→ **EXERCISE**
Produce the full set of records below once more, exactly as they stand.

→ **DATA EXTRACTS**
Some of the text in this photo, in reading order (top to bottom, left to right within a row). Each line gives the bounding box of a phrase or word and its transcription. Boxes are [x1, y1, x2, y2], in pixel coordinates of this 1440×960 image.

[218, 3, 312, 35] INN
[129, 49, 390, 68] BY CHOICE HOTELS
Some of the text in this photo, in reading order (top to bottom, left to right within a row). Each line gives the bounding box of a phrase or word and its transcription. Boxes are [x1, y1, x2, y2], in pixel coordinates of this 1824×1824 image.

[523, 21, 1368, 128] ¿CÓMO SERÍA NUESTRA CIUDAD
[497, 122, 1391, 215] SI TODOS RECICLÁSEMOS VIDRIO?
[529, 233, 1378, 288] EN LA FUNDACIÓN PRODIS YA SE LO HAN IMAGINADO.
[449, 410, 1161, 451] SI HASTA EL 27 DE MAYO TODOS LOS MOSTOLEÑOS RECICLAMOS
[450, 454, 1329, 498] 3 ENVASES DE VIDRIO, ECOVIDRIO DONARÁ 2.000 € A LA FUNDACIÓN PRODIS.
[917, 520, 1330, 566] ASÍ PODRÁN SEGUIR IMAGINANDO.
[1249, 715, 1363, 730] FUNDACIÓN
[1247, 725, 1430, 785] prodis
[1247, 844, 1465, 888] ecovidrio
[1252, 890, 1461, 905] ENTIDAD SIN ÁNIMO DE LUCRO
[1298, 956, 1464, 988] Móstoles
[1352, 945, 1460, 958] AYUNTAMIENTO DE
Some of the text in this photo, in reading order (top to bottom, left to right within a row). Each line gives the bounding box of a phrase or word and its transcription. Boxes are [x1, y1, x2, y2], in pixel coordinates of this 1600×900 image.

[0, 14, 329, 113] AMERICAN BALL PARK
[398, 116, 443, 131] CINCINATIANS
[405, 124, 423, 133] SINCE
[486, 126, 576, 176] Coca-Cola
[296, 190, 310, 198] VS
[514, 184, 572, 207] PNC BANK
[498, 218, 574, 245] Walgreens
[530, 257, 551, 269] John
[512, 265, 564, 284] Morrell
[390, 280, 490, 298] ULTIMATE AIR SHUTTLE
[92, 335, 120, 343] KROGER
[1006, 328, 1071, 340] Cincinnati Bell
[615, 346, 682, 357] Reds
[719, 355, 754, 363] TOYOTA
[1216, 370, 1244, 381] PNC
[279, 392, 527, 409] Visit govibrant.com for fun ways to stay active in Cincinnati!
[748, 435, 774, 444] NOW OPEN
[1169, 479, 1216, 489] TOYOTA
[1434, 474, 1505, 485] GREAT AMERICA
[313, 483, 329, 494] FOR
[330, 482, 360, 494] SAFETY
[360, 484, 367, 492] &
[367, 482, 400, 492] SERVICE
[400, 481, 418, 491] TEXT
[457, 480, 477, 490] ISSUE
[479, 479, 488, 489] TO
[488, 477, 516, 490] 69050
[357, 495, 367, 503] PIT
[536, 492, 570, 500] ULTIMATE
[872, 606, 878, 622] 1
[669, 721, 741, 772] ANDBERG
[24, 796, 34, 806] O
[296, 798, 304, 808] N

→ **SOLVED PROBLEM**
Some of the text in this photo, in reading order (top to bottom, left to right within a row). Each line gives the bounding box of a phrase or word and its transcription. Boxes are [x1, y1, x2, y2], in pixel coordinates of this 1440×960 image.

[218, 3, 312, 35] INN
[129, 49, 390, 68] BY CHOICE HOTELS
Some of the text in this photo, in reading order (top to bottom, left to right within a row). Each line gives the bounding box of a phrase or word and its transcription. Boxes are [x1, y1, x2, y2], in pixel coordinates of this 1824×1824 image.

[523, 21, 1368, 128] ¿CÓMO SERÍA NUESTRA CIUDAD
[497, 122, 1391, 215] SI TODOS RECICLÁSEMOS VIDRIO?
[529, 233, 1378, 288] EN LA FUNDACIÓN PRODIS YA SE LO HAN IMAGINADO.
[449, 410, 1161, 451] SI HASTA EL 27 DE MAYO TODOS LOS MOSTOLEÑOS RECICLAMOS
[450, 454, 1329, 498] 3 ENVASES DE VIDRIO, ECOVIDRIO DONARÁ 2.000 € A LA FUNDACIÓN PRODIS.
[917, 520, 1330, 566] ASÍ PODRÁN SEGUIR IMAGINANDO.
[1249, 715, 1363, 730] FUNDACIÓN
[1247, 725, 1430, 785] prodis
[1247, 844, 1465, 888] ecovidrio
[1252, 890, 1461, 905] ENTIDAD SIN ÁNIMO DE LUCRO
[1298, 956, 1464, 988] Móstoles
[1352, 945, 1460, 958] AYUNTAMIENTO DE
Some of the text in this photo, in reading order (top to bottom, left to right within a row). Each line gives the bounding box of a phrase or word and its transcription. Boxes are [x1, y1, x2, y2], in pixel coordinates of this 1600×900 image.

[0, 14, 329, 113] AMERICAN BALL PARK
[398, 116, 443, 131] CINCINATIANS
[405, 124, 423, 133] SINCE
[486, 126, 576, 176] Coca-Cola
[296, 190, 310, 198] VS
[514, 184, 572, 207] PNC BANK
[498, 218, 574, 245] Walgreens
[530, 257, 551, 269] John
[512, 265, 564, 284] Morrell
[390, 280, 490, 298] ULTIMATE AIR SHUTTLE
[92, 335, 120, 343] KROGER
[1006, 328, 1071, 340] Cincinnati Bell
[615, 346, 682, 357] Reds
[719, 355, 754, 363] TOYOTA
[1216, 370, 1244, 381] PNC
[279, 392, 527, 409] Visit govibrant.com for fun ways to stay active in Cincinnati!
[748, 435, 774, 444] NOW OPEN
[1169, 479, 1216, 489] TOYOTA
[1434, 474, 1505, 485] GREAT AMERICA
[313, 483, 329, 494] FOR
[330, 482, 360, 494] SAFETY
[360, 484, 367, 492] &
[367, 482, 400, 492] SERVICE
[400, 481, 418, 491] TEXT
[457, 480, 477, 490] ISSUE
[479, 479, 488, 489] TO
[488, 477, 516, 490] 69050
[357, 495, 367, 503] PIT
[536, 492, 570, 500] ULTIMATE
[872, 606, 878, 622] 1
[669, 721, 741, 772] ANDBERG
[24, 796, 34, 806] O
[296, 798, 304, 808] N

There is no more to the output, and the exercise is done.